# Problem Netzteil



## GodWar (11. August 2008)

Guten Abend!

Folgendes tat sich heute zu:

Ich habe ein 550W Netzteil! Kostete so um die 75€ also kein billiges und noch über ein Jahr Garantie. Als ich den Rechnerheute gegen 12 Uhr in der Mittagspause anstellte lief er einwandfrei. Weiter 3 Stunden später wieder vonner Arbeit zurück war der Rechner aus. Dachte Standby aber er war AUS. Ich drückte den Powerknopf. Nichts passiert. Nicht mal ein Warnpiepen oder sontiges was passiert wenn irgend ein Fehler auftritt. Also alles abgestöpselt und nur CPU und Ram drinnen gelassen. Knopf gedrückt NICHTS. Also ob ich das Powerkabel ab wär. Hab dann alles versucht von Batterie raus, reseten etc... Nichts. War einfach kaputt. Neues Netzteil auch 550W von Xilence. Flupp geht wieder.

Nun die Frage A: Was war das B: Woran liegt das?

Zu meiner Hardware:

- AMD DualCore 2x2.2ghz
- 2Gb Ram 400Hz
- GForce 8800 Ultra mit 756MB
- ASUS Mainboard

Ich dachte erst liegt an der neuen Grafikarte, hatte vorher eine 7950 drinn. Braucht natürlich weniger Strom. Aber nur ne Vermutung. 

Was KANN es gewesen sein?

Danke


----------



## chmee (12. August 2008)

zu A: Kann man nur mutmaßen. Montagsgerät, wo ein Kondensator geplatzt ist, ne Leitung kaputt, etc..

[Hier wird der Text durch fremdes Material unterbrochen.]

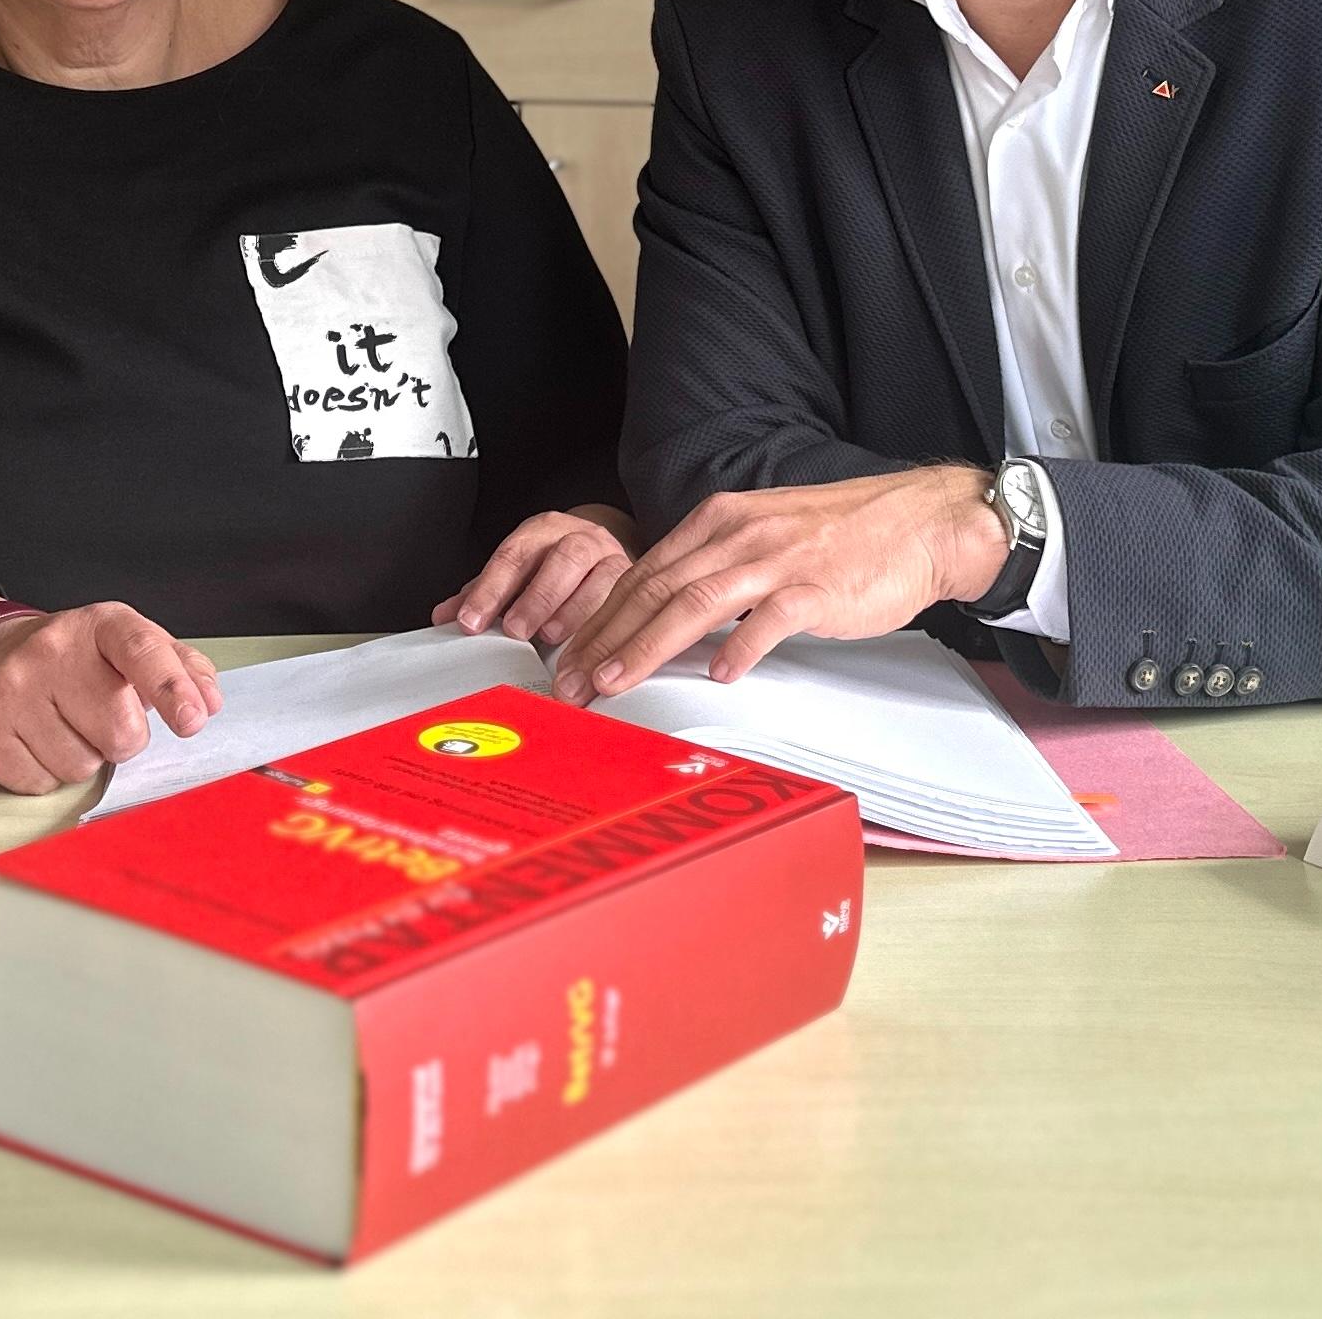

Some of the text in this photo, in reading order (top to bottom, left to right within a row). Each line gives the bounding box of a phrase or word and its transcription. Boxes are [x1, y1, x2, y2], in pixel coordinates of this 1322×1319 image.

zu B: siehe A. Das Problem ist doch, Du warst nicht mal dabei, und wie soll man denn jetzt rausfinden, was passiert sein könnte ?

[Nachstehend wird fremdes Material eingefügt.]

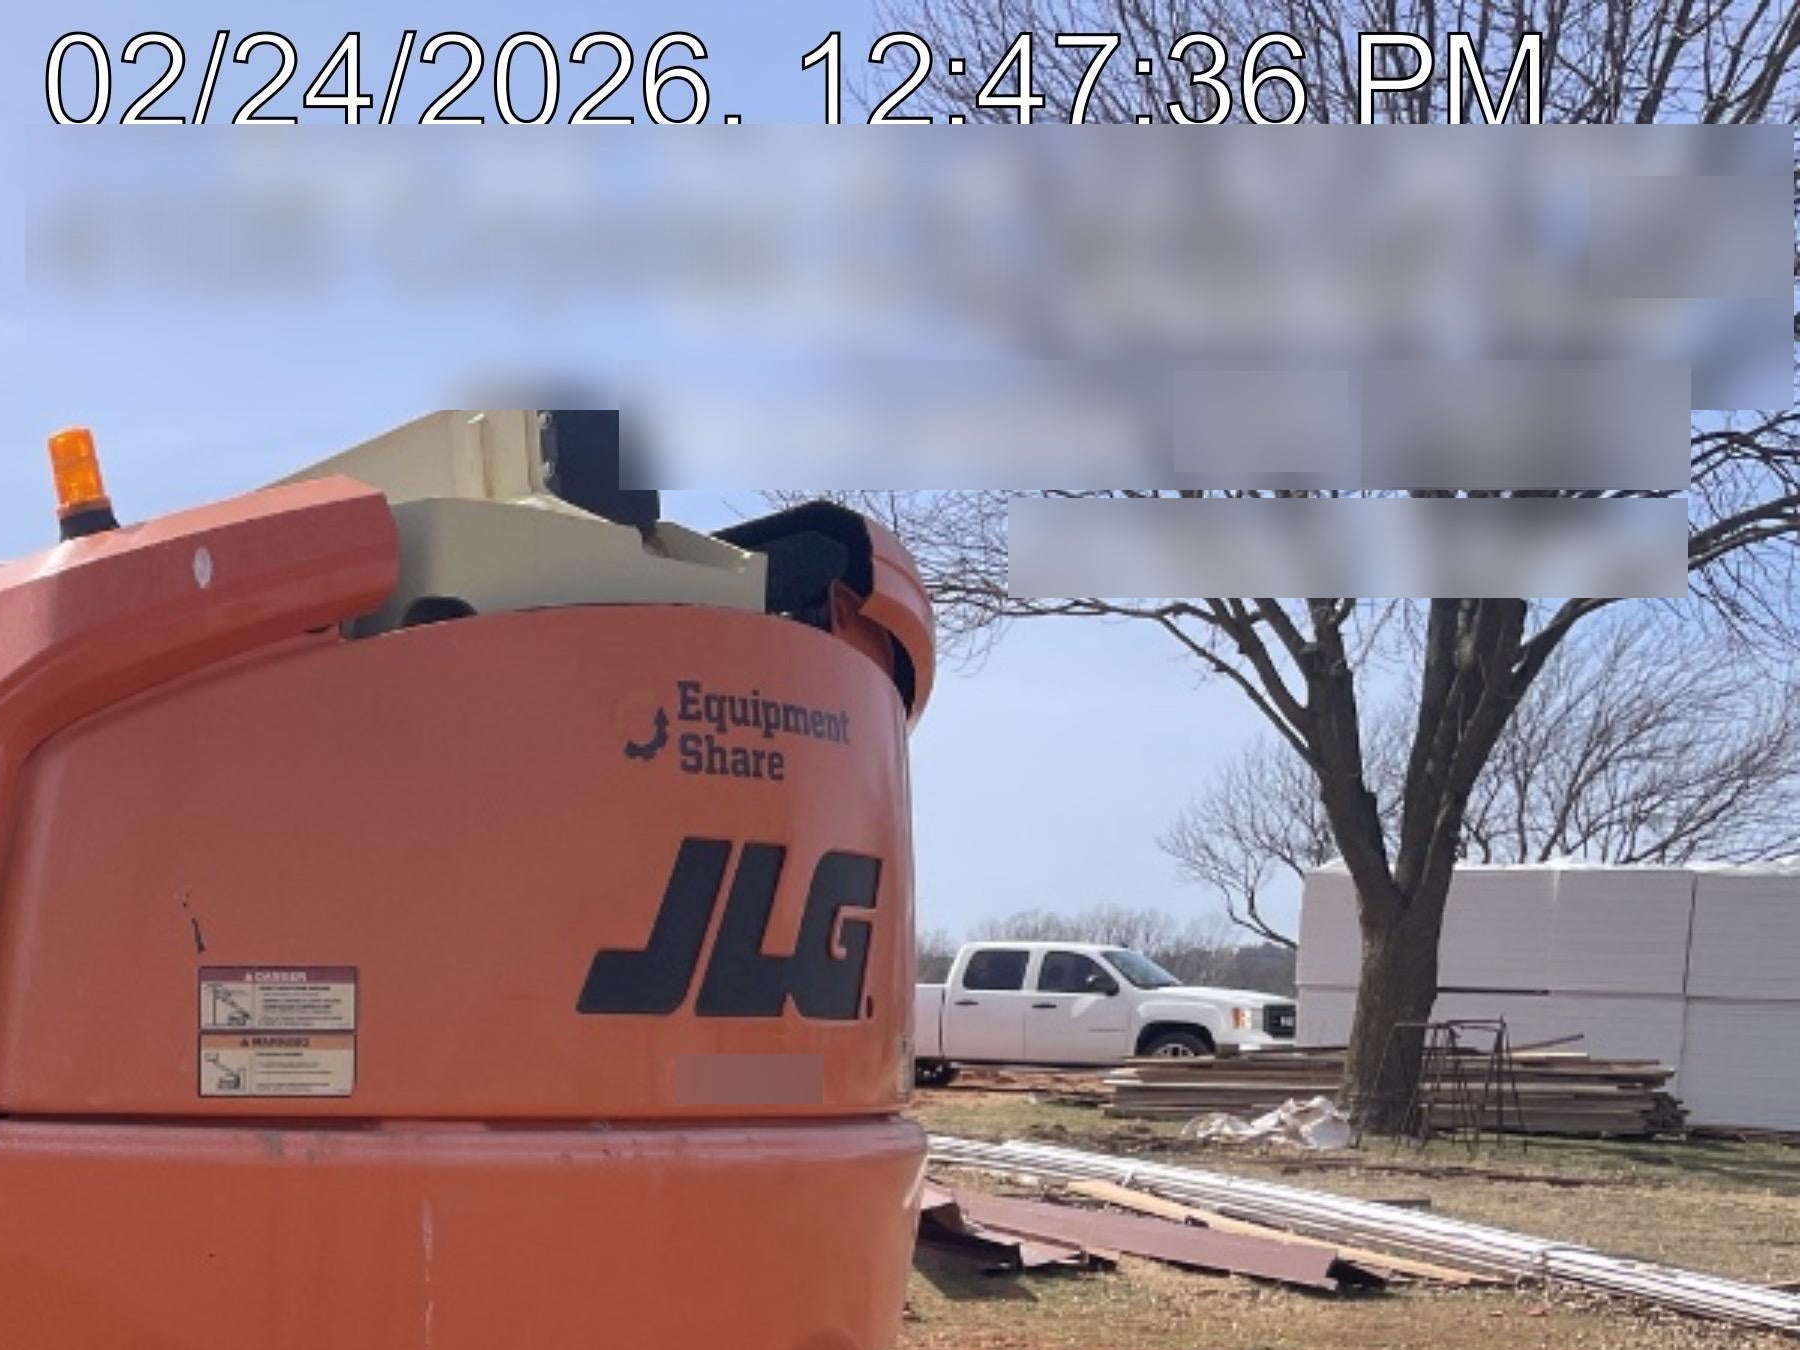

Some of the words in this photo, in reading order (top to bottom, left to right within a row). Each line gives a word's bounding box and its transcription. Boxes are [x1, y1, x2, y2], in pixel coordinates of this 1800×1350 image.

[677, 680, 850, 745] Equipment
[679, 734, 785, 781] Share
[576, 837, 883, 1020] JLG

Unter Umständen kann man in die Protokolle/Logs des OS reingucken. Vielleicht erkennt man etwas, wie zB ist nicht in den Standby gegangen oder beim Umschalten in den S3 muss wohl das Netzteil überbelastet worden sein.. Aber so klar muss es nicht sein, denn siehe A. Vielleicht war es auch eine Einwirkung von Außen, Blitzeinschlag, Katze hat in das Stromkabel gebissen, Mutter hat das Innere des Rechners gesaugt etc..

mfg chmee


----------



## PC Heini (12. August 2008)

chmee hat es auf den Punkt gebracht. 
Aber ne Netzschwankung kanns auch gewesen sein. Elektronik ist eigenwillig.


----------



## Johnnie Walker (27. August 2008)

chmee hat gesagt.:


> zu A: Kann man nur mutmaßen. Montagsgerät, wo ein Kondensator geplatzt ist, ne Leitung kaputt, etc..
> 
> zu B: siehe A. Das Problem ist doch, Du warst nicht mal dabei, und wie soll man denn jetzt rausfinden, was passiert sein könnte ?

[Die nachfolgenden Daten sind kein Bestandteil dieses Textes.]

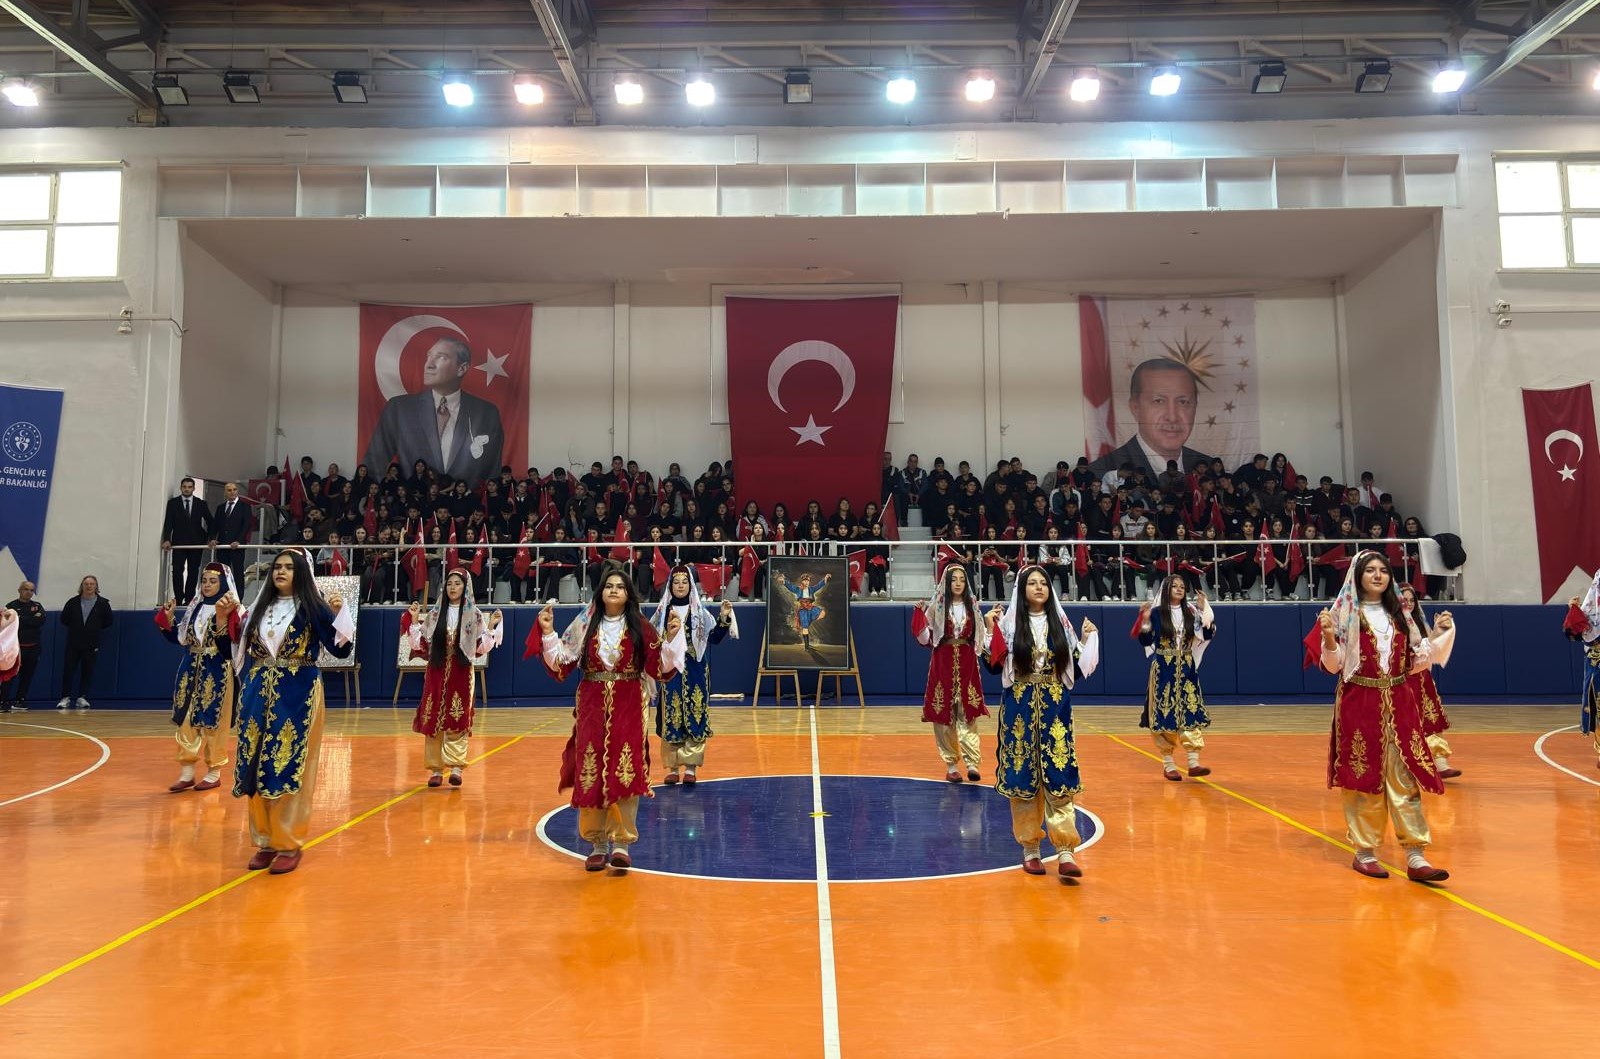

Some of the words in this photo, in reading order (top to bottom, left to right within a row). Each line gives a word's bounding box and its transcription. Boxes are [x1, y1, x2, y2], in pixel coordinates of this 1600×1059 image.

[3, 466, 35, 477] GENÇLİK
[37, 469, 47, 477] VE
[6, 478, 47, 488] BAKANLIĞI

Hallo, hatte es bei einem meiner Netzteile auch mal das sich dort ein Kondensator verabschiedet hat. Einfach mal aufschrauben und gucken. Sollte es so sein dann kann man den ja einfach herauslöten und durch einen Neuen ersetzen. In dem Zuge kannst du auch gleich die Feinsicherung "untersuchen" ob diese noch funktionfähig ist. Sollte es dann wieder funktionieren würde ich auf jeden Fall noch einmal das Netzteil durchmessen ob auch überal das ankommt was ankommen soll.

Viel Erfolg

Gruß Johnnie


----------



## Laudian (27. August 2008)

Das Dollste was mir passiert ist, nach ner Netzschwankung PC aus, liess sich auch nicht ueberreden weiter zu machen ... hab den dann ne Nacht stehen gelassen ... erst am naechsten Mittag ging wieder alles, und das erst nachdem ich ihn einmal komplett vom Netz getrennt hatte und er einige Stunden keinen Kontakt mehr mit ner Steckdose hatte ... 

Was ich sagen will, das NT muss nicht kaputt sein ...


----------